Skip every image and restate the data word for word.

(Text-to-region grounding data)
• • • • •

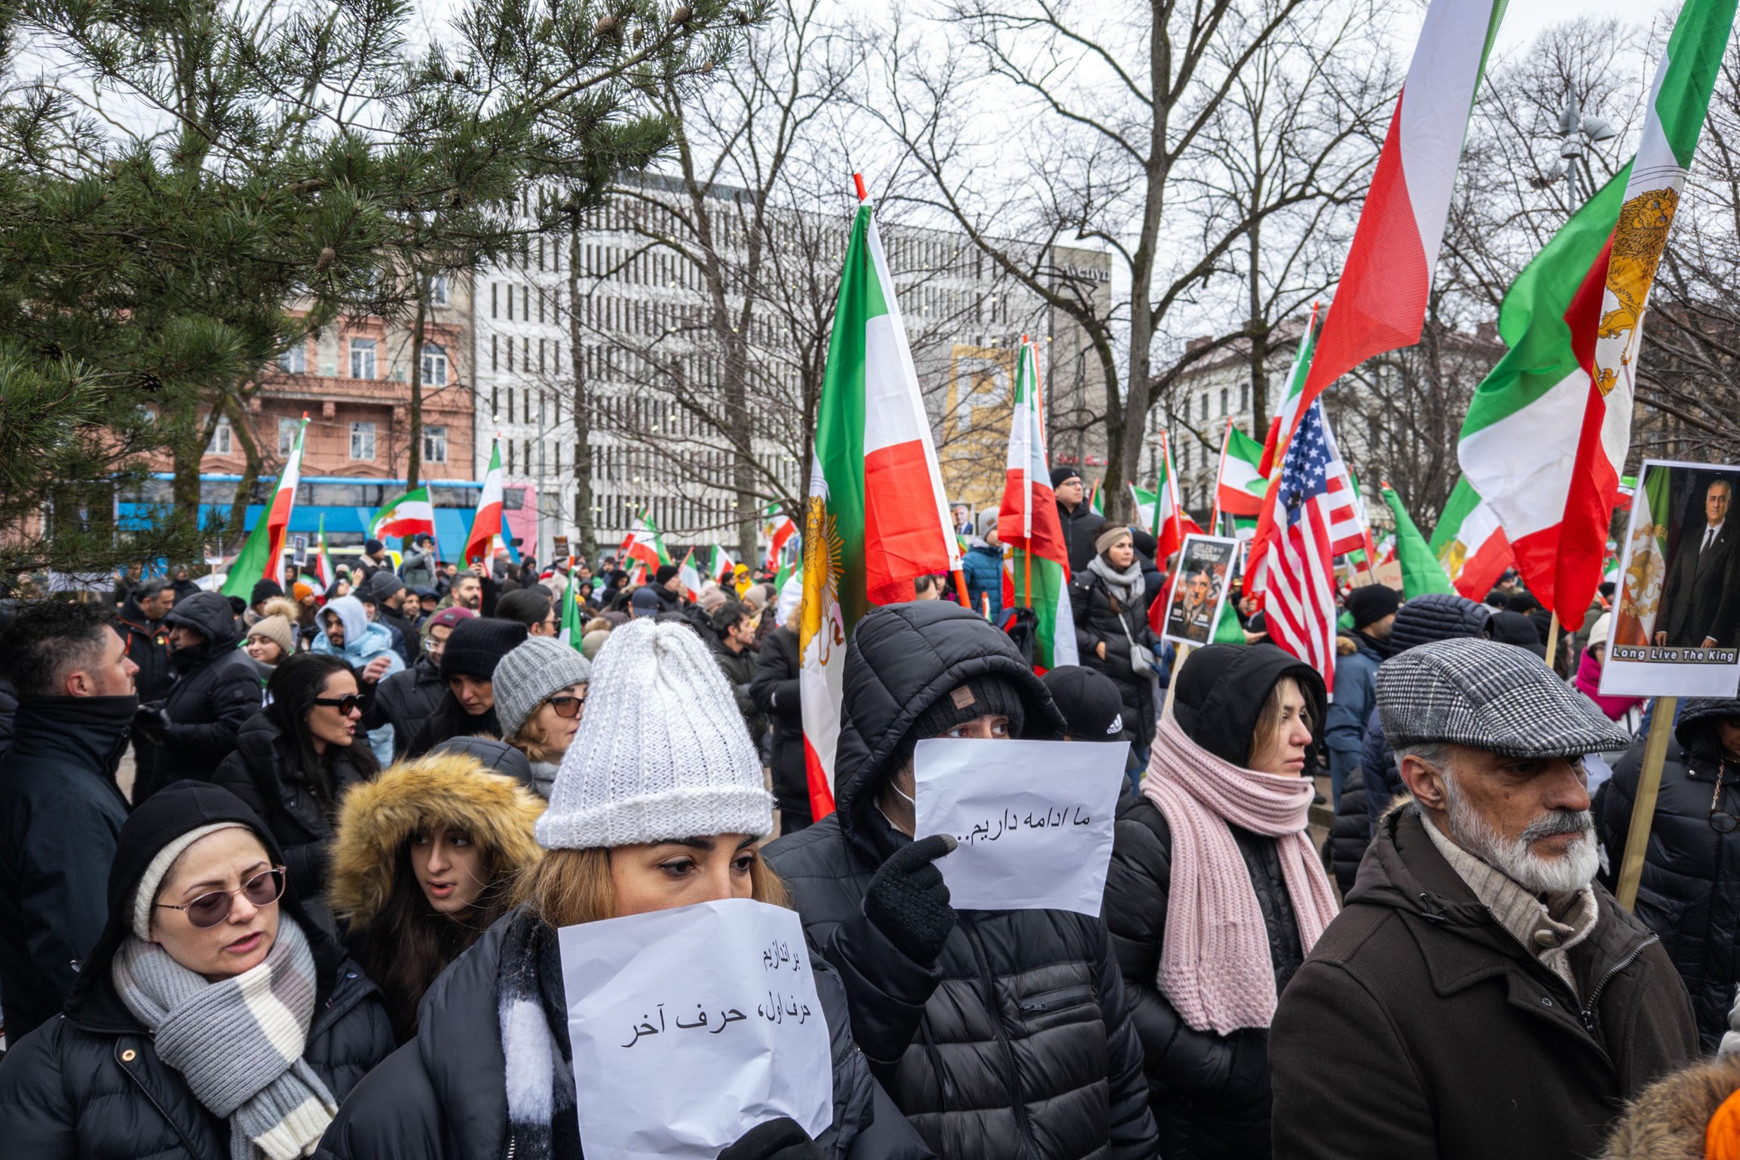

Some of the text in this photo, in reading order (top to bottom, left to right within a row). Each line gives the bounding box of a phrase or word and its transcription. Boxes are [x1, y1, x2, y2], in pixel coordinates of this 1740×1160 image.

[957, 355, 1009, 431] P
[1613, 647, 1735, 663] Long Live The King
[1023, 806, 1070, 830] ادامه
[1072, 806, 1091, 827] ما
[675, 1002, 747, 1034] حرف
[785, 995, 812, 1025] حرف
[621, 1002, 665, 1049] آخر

• • • • •

__RESULT FOR THIS EXERCISE__:
Some of the text in this photo, in reading order (top to bottom, left to right within a row). Each line gives the bounding box of a phrase or word and its transcription. Boxes are [x1, y1, x2, y2], in pixel coordinates of this 1740×1160 image.

[957, 355, 1009, 431] P
[1613, 647, 1735, 663] Long Live The King
[1023, 806, 1070, 830] ادامه
[1072, 806, 1091, 827] ما
[675, 1002, 747, 1034] حرف
[785, 995, 812, 1025] حرف
[621, 1002, 665, 1049] آخر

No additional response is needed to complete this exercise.